INTRODUCTION: Cartilage Intermediate Layer Protein (CILP) has been implicated in cartilage diseases. Genetic analysis showed an association between a functional single‐nucleotide polymorphism (SNP) of the CILP gene and patients with lumbar disc herniation and sciatica requiring surgery. CILP is regulated by TGF‐β, but the effect of BMP‐2, age, and experimentally induced disc degeneration is not known. Excessive binding of CILP to growth factors has been suggested as a pathomechanism of disc disease.

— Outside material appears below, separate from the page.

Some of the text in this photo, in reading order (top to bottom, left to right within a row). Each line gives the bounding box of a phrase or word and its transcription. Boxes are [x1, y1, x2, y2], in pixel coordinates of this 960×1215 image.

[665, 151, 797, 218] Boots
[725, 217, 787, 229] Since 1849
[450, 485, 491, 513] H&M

METHODS: CILP expression levels were evaluated in rabbits of different ages (6 month old vs 5 years old) and different degrees of disc degeneration (induced by needle puncture). The expression of CILP, proteoglycan, and collagen II were measured by Western blot and Real‐time PCR. To study the effect of BMP‐2 on CILP expression, primary disc cells from young and old rabbits were treated with rhBMP‐2 with or without inhibitors of BMP‐2 mediators (siRNA to Smad 1, 5, and 8), and the gene expression of CILP was analyzed by Western blot and Real‐time PCR. The activity of the CILP promoter was measured by using the Dual Luciferase Reporter Assay System.
RESULTS: Our study demonstrates that the intervertebral disc expresses significant levels of CILP in young rabbit discs, and that the expression of CILP increases substantially with increasing age and disc degeneration. In contrast, the expression of proteoglycan and collagen II decreases with increasing age and disc degeneration. BMP‐2 induces the expression of CILP protein and stimulates the activity of the CILP promoter in the rabbit primary disc cells. The induction of CILP by BMP‐2 can be augmented with age.
DISCUSSION: Our data demonstrate that disc degeneration, age, and BMP‐2 upregulate CILP. As excessive CILP maybe harmful our findings have particular clinical significance and suggest targets for how CILP expression can be modified.